The binary strings of a given length, like the length-8 string "11011110" in the name of my blog, can be thought of as naming the vertices of a hypercube of the same dimension: each bit is one of the Cartesian coordinates of a vertex. In the same way, binary strings with wildcard characters, like "11***1*0", can be thought of as naming the nonempty faces of the hypercube; the number of stars gives the dimension of the face, up to the string "********" which represents the whole cube. But there's one more face, the empty set Ø, which cannot be represented in the same way.

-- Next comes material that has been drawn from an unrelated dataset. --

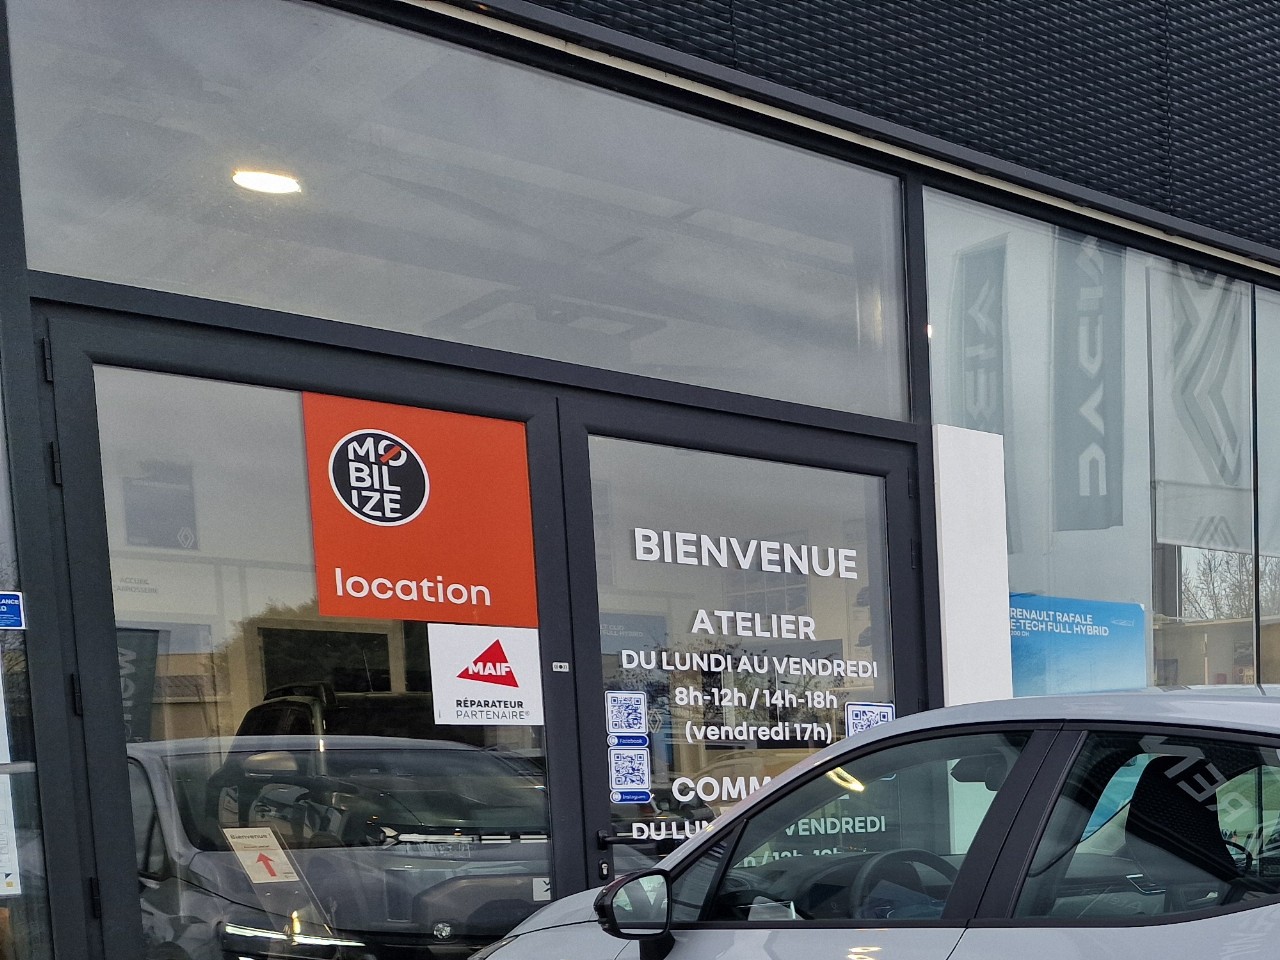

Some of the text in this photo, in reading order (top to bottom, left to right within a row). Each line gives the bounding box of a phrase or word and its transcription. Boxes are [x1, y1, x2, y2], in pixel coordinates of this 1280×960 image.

As with the collection of faces of any polyhedron, the faces of a hypercube can be partially ordered by inclusion, and this partial order forms a lattice: every family of faces has a unique meet (its greatest lower bound, the intersection of all the faces), and a unique join (its least upper bound, the unique minimal face that contains all of them). For instance, the meet of two opposite sides of an ordinary 3-dimensional cube (for instance the two sides **0 and **1) is the empty set (that's why Ø needs to be a face) and the join of the same two opposite sides is the whole cube ***. This is the face lattice of the hypercube. (The hypercube itself can also be viewed as a face lattice of another kind of polyhedron, a simplex.)

Here's an example, for the face lattice of a square (a 2-dimensional cube). The inclusion ordering is shown by the edges, and each lattice element is labeled both by the part of the square it represents and by the corresponding wildcard string.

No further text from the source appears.